Scientific American published a very interesting article about yawning and children with autism.
It has been known for awhile that people with autism don't find yawning as contagious as people without. For a long time, this has been assumed to be a lack of empathy. But the new study suggests that it may actually be lack of observation.
It does make sense. If a person isn't looking at someone's face and has a tendency to tune out the sounds around them, what would trigger a sympathetic yawn? In this study, they encouraged children with autism to look at person's eyes or mouth by having them count blinks or smiles in a recorded video. Of course, the video also included yawns and the scientists then counted how many yawns were triggered. The rates were similar to the control group without autism.
The exciting part about this study is that it suggests teaching children with autism how to observe might help them to overcome some of their social challenges, particularly if it is done early enough that the automatic mirroring neurons have a chance to come into play.
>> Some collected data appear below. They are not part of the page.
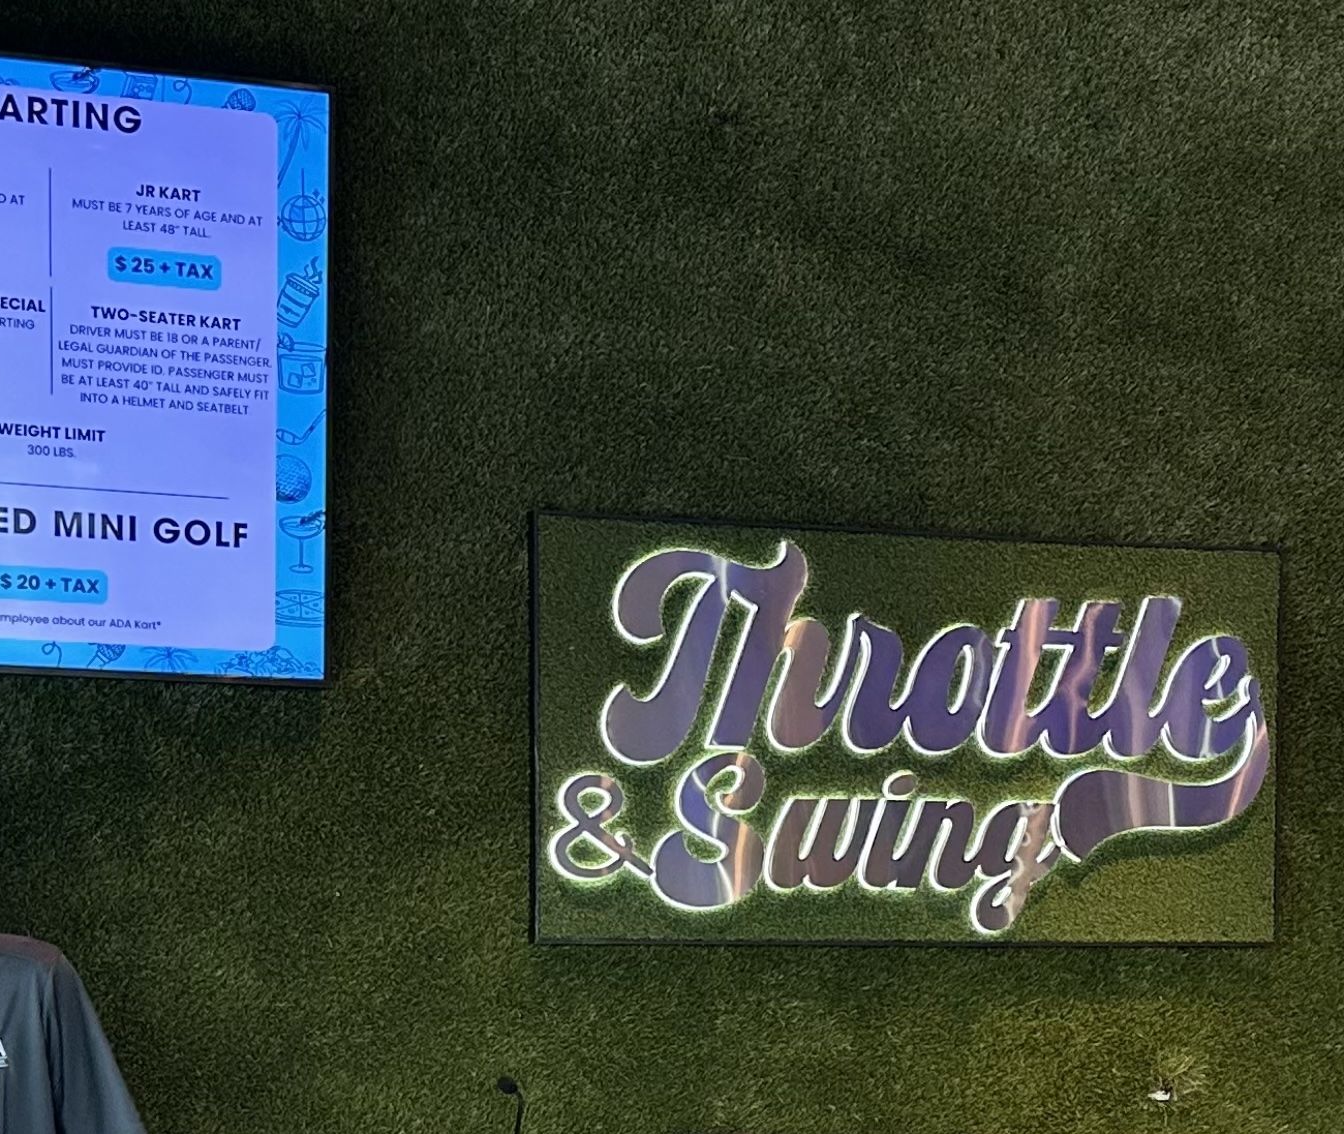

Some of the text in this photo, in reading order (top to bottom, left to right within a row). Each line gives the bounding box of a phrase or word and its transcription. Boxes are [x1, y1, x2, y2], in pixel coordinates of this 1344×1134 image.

[136, 184, 200, 202] JR KART
[115, 255, 212, 279] $ 25 + TAX
[91, 306, 240, 330] TWO-SEATER KART
[65, 427, 105, 442] LIMIT
[27, 444, 50, 456] 300
[54, 510, 136, 541] MINI
[153, 517, 247, 548] GOLF
[600, 541, 1264, 764] Throttle
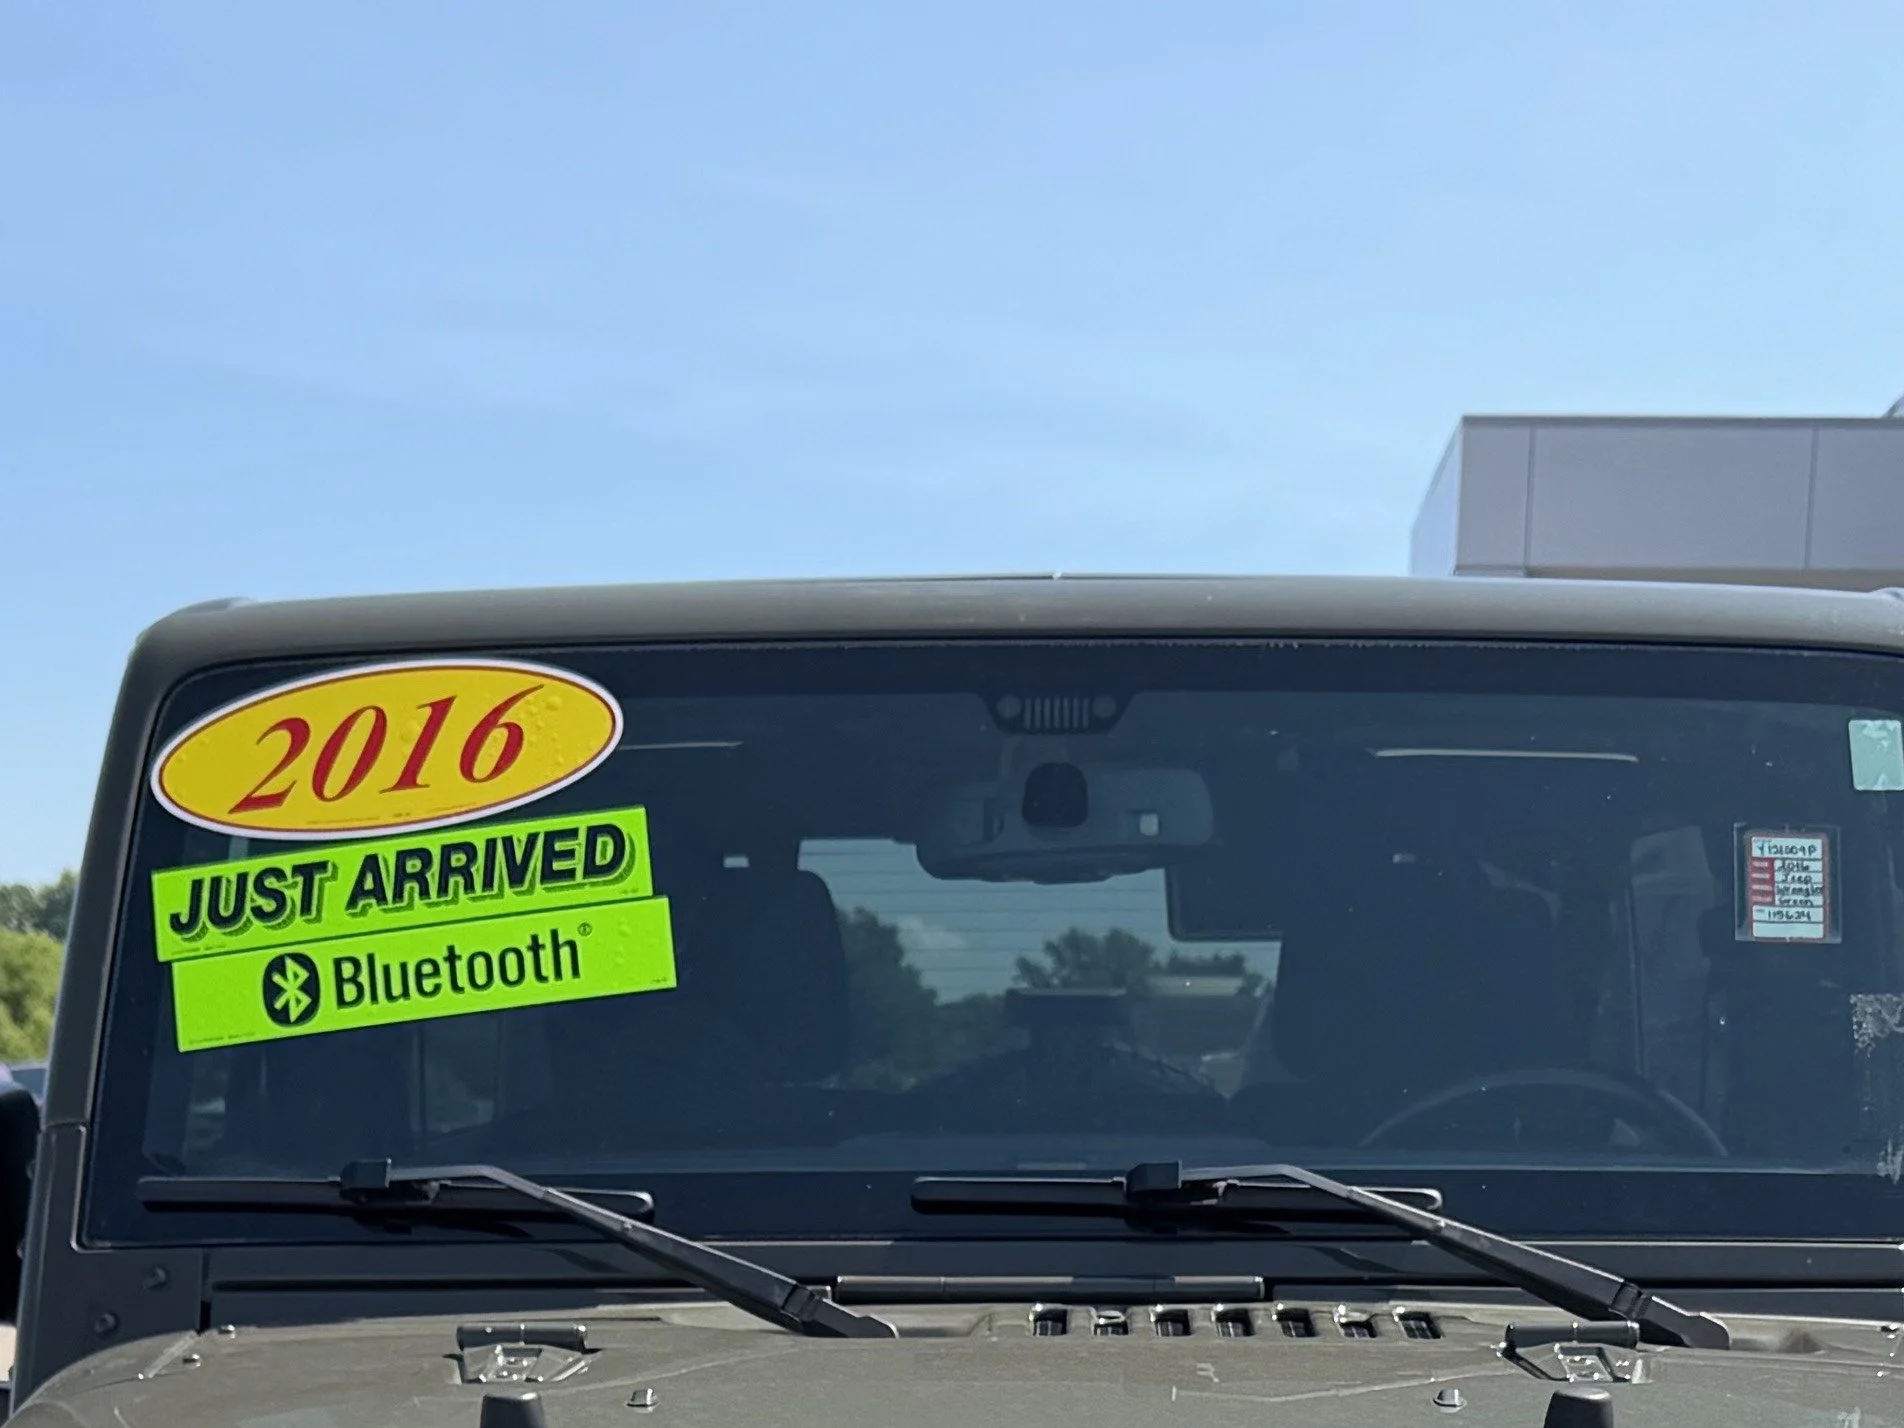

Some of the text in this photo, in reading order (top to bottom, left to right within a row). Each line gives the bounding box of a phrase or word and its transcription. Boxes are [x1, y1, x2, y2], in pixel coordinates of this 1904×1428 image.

When Alex was starting therapy, the therapist suggested that I put stickers or other things on my face at random intervals to encourage him to look at me. (I will not recount the embarrassingly large number of times I forgot about the sticker and went out in public.) I wonder sometimes if this helped Nathan even more, since it encouraged him to start looking at faces at an even younger age.
Alex still tends to look at faces in a piecemeal fashion. If you watch his eyes, you can see he's picking one part of the face and sticking with it. (Often the eye, nose or chin, for some reason.) Nathan in contrast has very natural eye contact, except when he's stressed or highly focused. He finds it very hard to look at someone when he's upset but then will get more upset as he misreads the other person's social cues.
I find I have to tell him to look at me and then keep my message short and on target so that he's got a chance to absorb it.